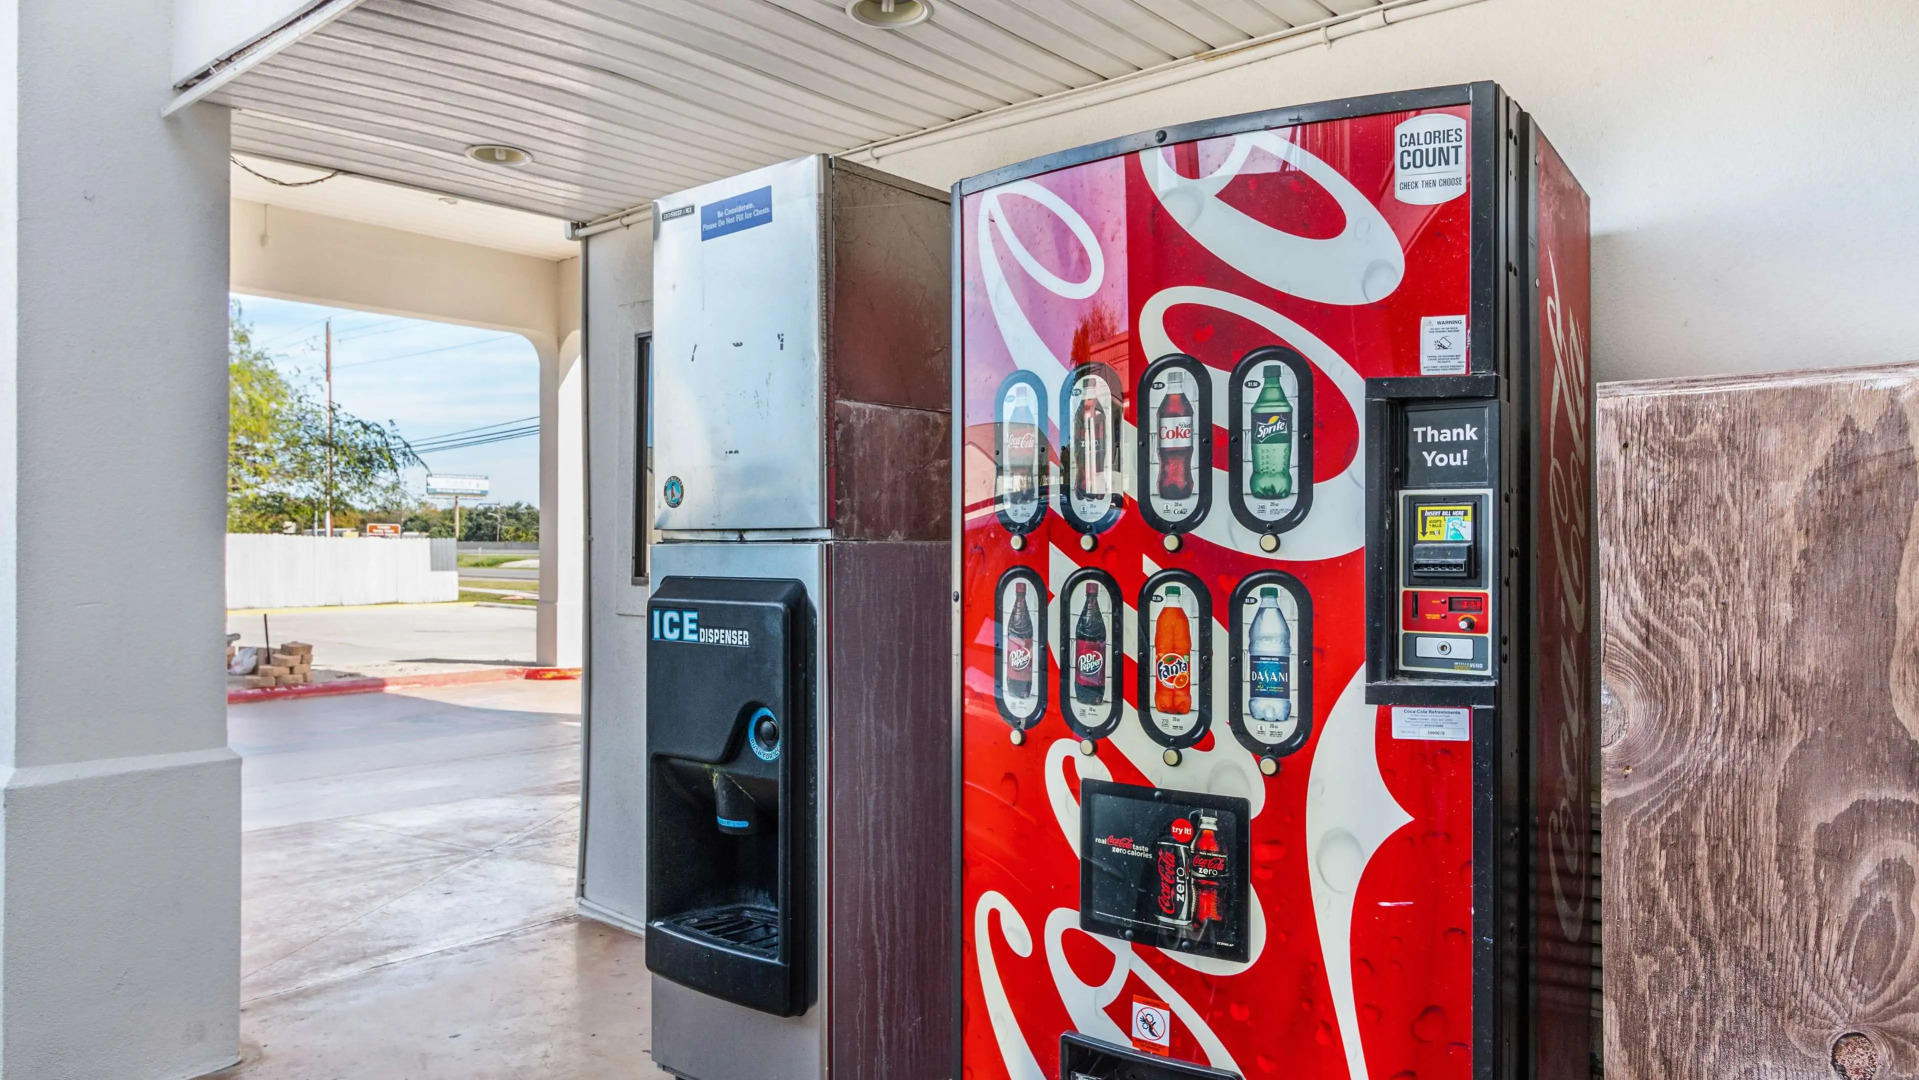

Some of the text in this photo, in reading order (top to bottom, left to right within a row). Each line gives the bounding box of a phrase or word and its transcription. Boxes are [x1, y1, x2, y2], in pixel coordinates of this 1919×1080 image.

[1399, 128, 1462, 147] CALORIES
[1400, 145, 1462, 170] COUNT
[1399, 177, 1463, 191] CHECK THEN CHOOSE
[726, 217, 735, 225] Not
[1159, 426, 1192, 440] Coke
[1258, 422, 1286, 438] Sprite
[1413, 423, 1478, 443] Thank
[1421, 450, 1468, 467] You!
[652, 610, 699, 642] ICE
[699, 628, 750, 646] DISPENSER
[1010, 651, 1030, 668] Pepper
[1016, 650, 1025, 658] Dr
[1086, 653, 1096, 662] Dr
[1078, 655, 1102, 672] Pepper
[1157, 660, 1188, 679] Fanta
[1251, 670, 1288, 683] DASANI
[1172, 826, 1183, 835] try
[1107, 835, 1134, 849] Coca-Cola
[1133, 844, 1149, 852] taste
[1127, 849, 1152, 859] calories
[1192, 855, 1224, 871] Coca-Cola
[1198, 868, 1218, 876] zero
[1158, 848, 1176, 914] Coca-Cola
[1176, 867, 1185, 902] zero
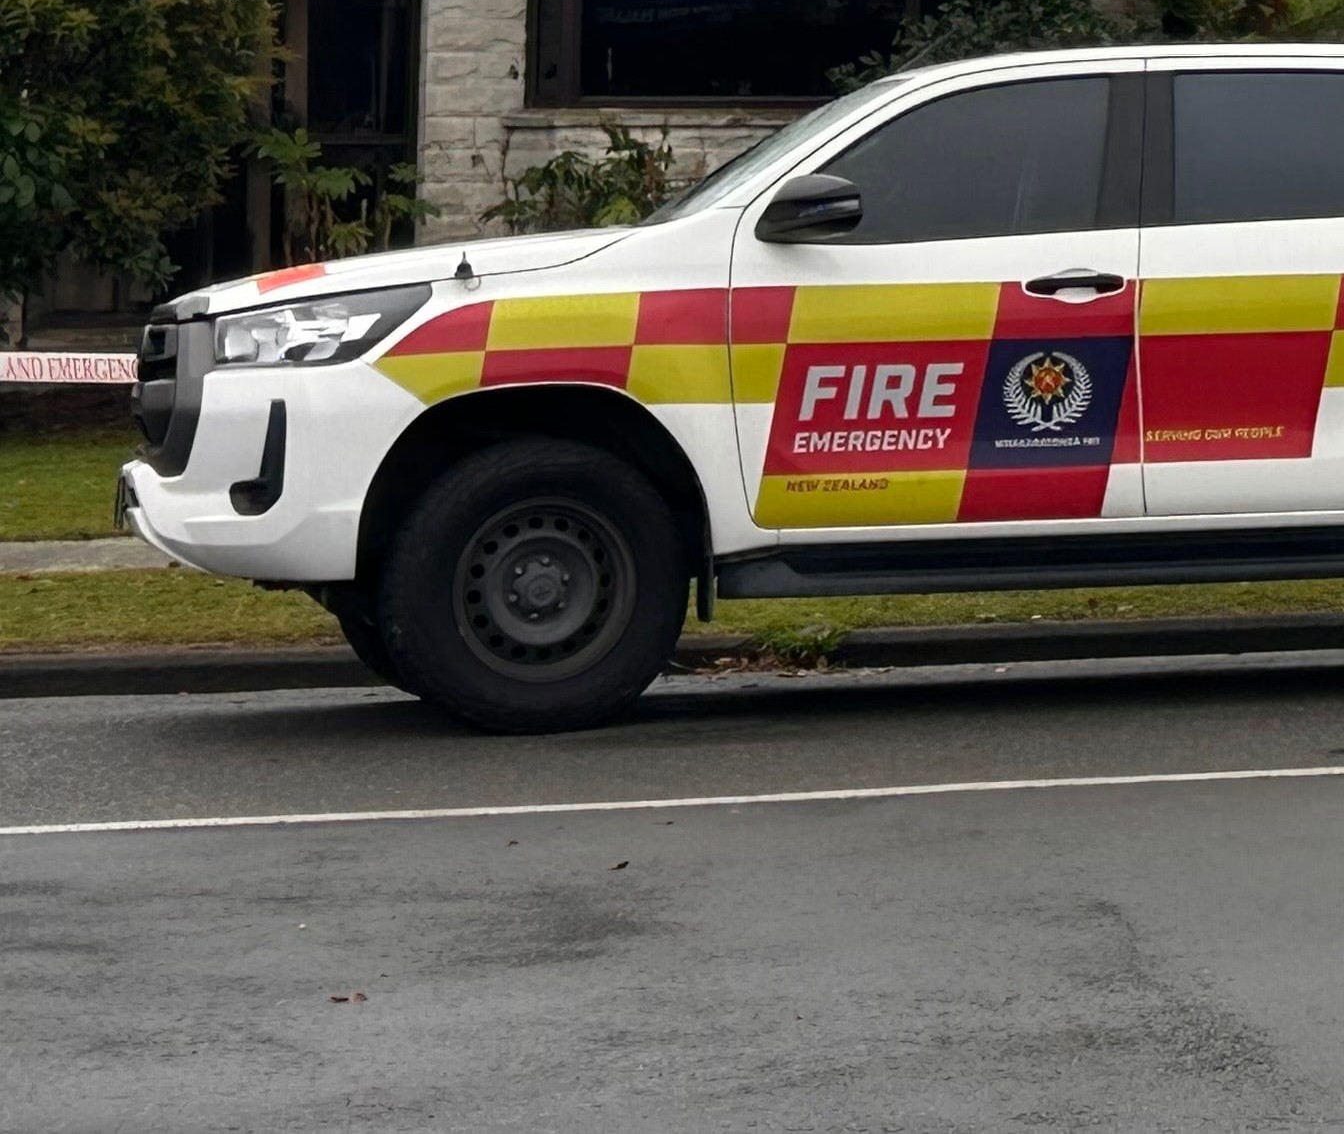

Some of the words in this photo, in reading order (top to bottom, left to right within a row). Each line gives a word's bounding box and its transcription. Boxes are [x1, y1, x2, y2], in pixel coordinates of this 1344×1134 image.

[7, 357, 44, 379] AND
[798, 363, 965, 421] FIRE
[793, 428, 952, 453] EMERGENCY
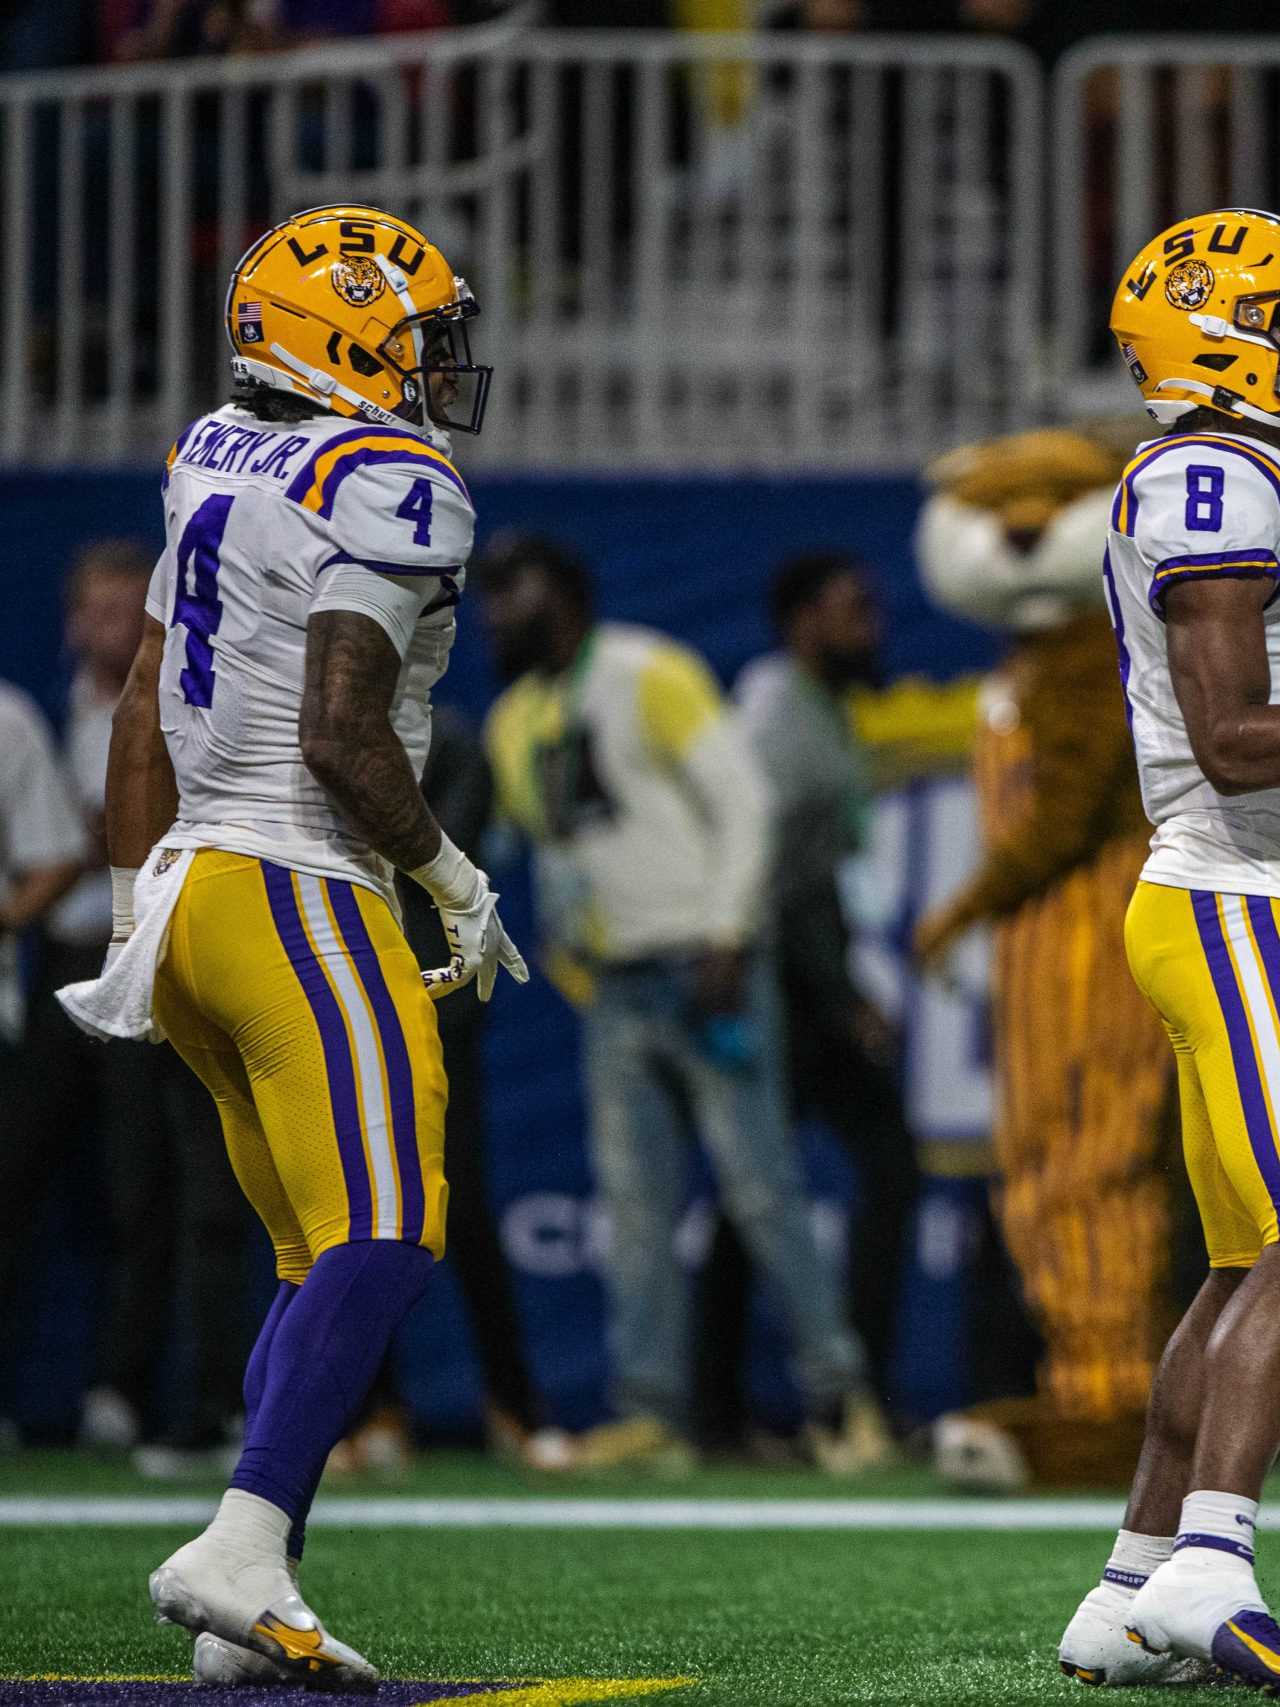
********
> **Your task**: Transcribe each entry exactly; images stay out.

> **Task answer**:
Some of the text in this photo, in reading order (top to bottom, left to right within a row). Each line gives the bounding box of a phrase or word and its transcription. Boxes are [x1, y1, x2, y2], in pixel coordinates of this 1919×1080 image.

[1399, 128, 1462, 147] CALORIES
[1400, 145, 1462, 170] COUNT
[1399, 177, 1463, 191] CHECK THEN CHOOSE
[726, 217, 735, 225] Not
[1159, 426, 1192, 440] Coke
[1258, 422, 1286, 438] Sprite
[1413, 423, 1478, 443] Thank
[1421, 450, 1468, 467] You!
[652, 610, 699, 642] ICE
[699, 628, 750, 646] DISPENSER
[1010, 651, 1030, 668] Pepper
[1016, 650, 1025, 658] Dr
[1086, 653, 1096, 662] Dr
[1078, 655, 1102, 672] Pepper
[1157, 660, 1188, 679] Fanta
[1251, 670, 1288, 683] DASANI
[1172, 826, 1183, 835] try
[1107, 835, 1134, 849] Coca-Cola
[1133, 844, 1149, 852] taste
[1127, 849, 1152, 859] calories
[1192, 855, 1224, 871] Coca-Cola
[1198, 868, 1218, 876] zero
[1158, 848, 1176, 914] Coca-Cola
[1176, 867, 1185, 902] zero

Some of the words in this photo, in reading order (top to bottom, left to right within a row). Each line gives a word's bounding box and its transcription. Boxes are [x1, y1, x2, y2], in pixel coordinates of this 1344×1134 image.

[7, 357, 44, 379] AND
[798, 363, 965, 421] FIRE
[793, 428, 952, 453] EMERGENCY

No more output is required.